My doctor’s surgery has a notice on the wall about their “zero tolerance policy”. It clearly states that they will not tolerate any threatening or insulting behaviour to any member of their staff. Do you think that’s fair enough? If so, do you have such a policy in place for yourself?
We all need to implement a zero tolerance policy. Here’s why.
Having a zero tolerance policy doesn’t mean that you become intolerant to others. It means that you are clear about your values and your boundaries. It means that you have a clearly drawn line and that you will not tolerate any behaviour, or treatment that crosses that line.
A zero tolerance policy is a personal charter of respect, if you respect yourself, others will too, and if you don’t… they won’t.
Maya Angelou is quoted as saying that some people try and peck at us like ducks she says “they’ll take a piece of your earlobe, hoping you didn’t notice”.
The solution to being gradually pecked down to nothing is to notice. Not in a hyper-vigilant, defensive, or prickly way. But in a way that quietly honours your core values; a way that knows the gentle art of self preservation and adjustment.
If you are calm and balanced and taking some time out for yourself to reflect and be self aware, you can easily notice the little stings and scrapes that come your way from time to time and you can adjust.
If you’re getting regularly pecked - move away from the duck! Respect yourself and protect yourself.
Truth or Dare
Congruency is a very powerful thing. People can sense when you speak and act from your place of truth. When you act in accordance with your values with every cell and fibre of your body, you are operating from a place of great strength and conviction, a place of faith and surety.
Take time out daily to reflect on your truths. In your head, or in a journal, spend five minutes a day to get to know yourself. Why do you think this? Why do you do that? Is that really true, or is that just something you’re repeating from habit?
A dog knows if your congruent, you can say “sit” in a thousand different tones of voice, but if you don’t say it like you mean it, the dog won’t sit.

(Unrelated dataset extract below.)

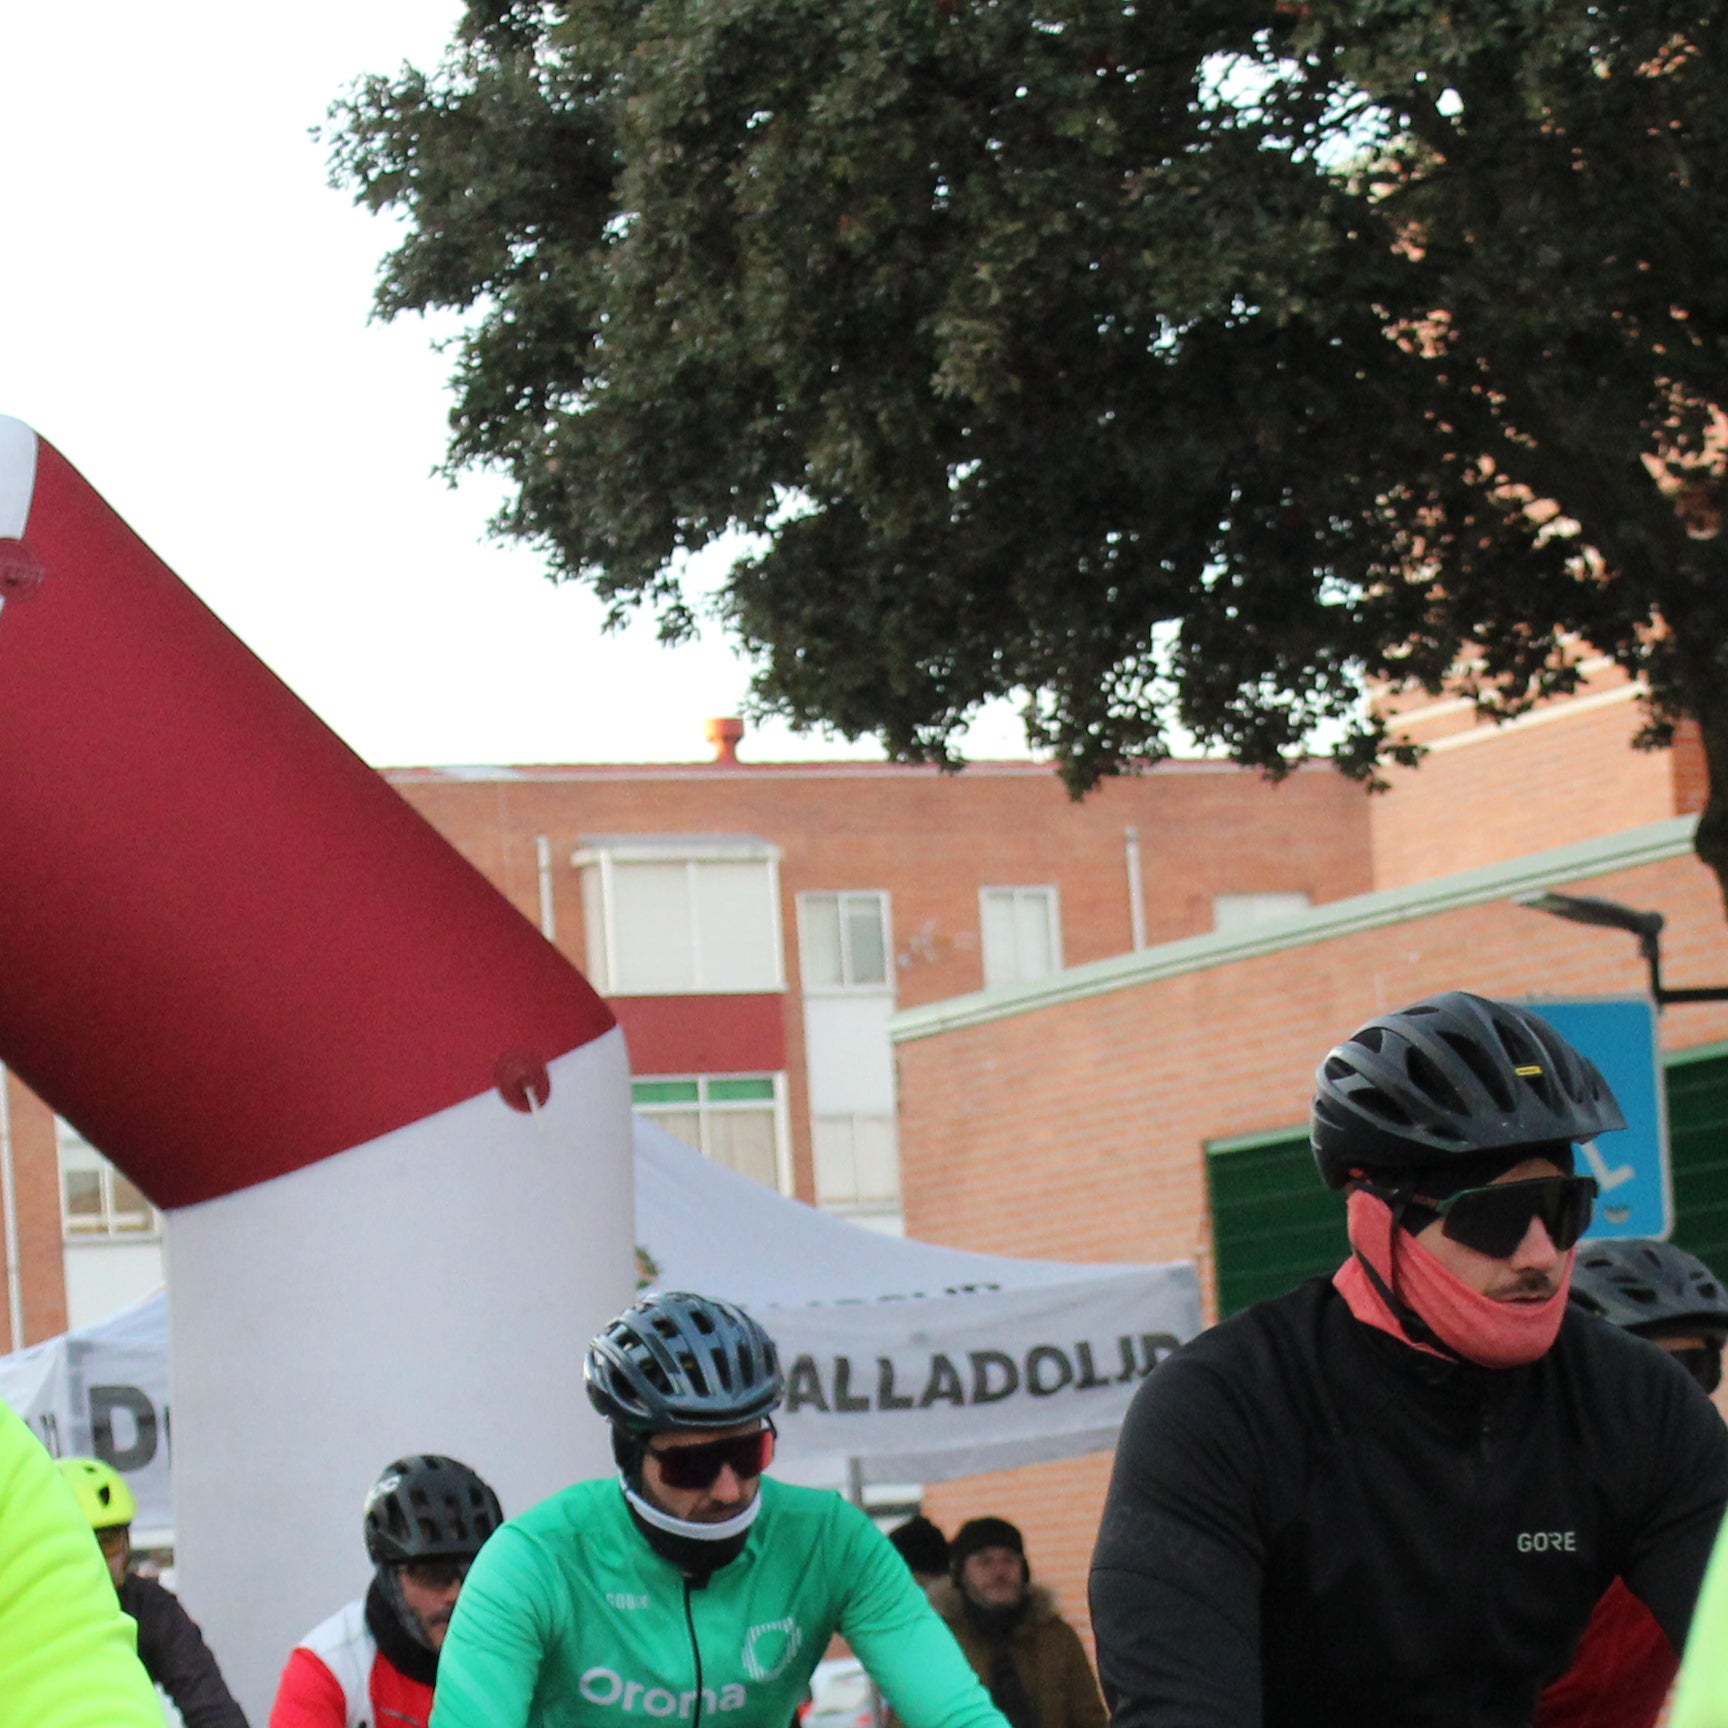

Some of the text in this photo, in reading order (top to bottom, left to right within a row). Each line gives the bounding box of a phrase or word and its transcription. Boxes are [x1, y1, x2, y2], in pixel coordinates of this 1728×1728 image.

[768, 1332, 1181, 1413] ALLADOLID
[1516, 1531, 1576, 1552] GORE
[578, 1666, 747, 1719] Oroma

Your children know if you’re congruent, I hear parents all the time say “Sarah, if you don’t …, they’ll be no …” and I see the kid going “yeah, yeah” because that child knows that the final blank is “consequences”. If you don’t… there will be no consequences, because I don’t really mean this and I’m not going to follow through.
In your daily life, if you live and act like you mean it, not only will your pets and kids take you seriously, but the adults in your life will too. Better still, you’ll start to take yourself more seriously, and that means that you are not going to tolerate pecking, disrespect or compromise. No, means no. You can still be open hearted, warm and wonderful, but you have your line and behind it you stand strong and self aware.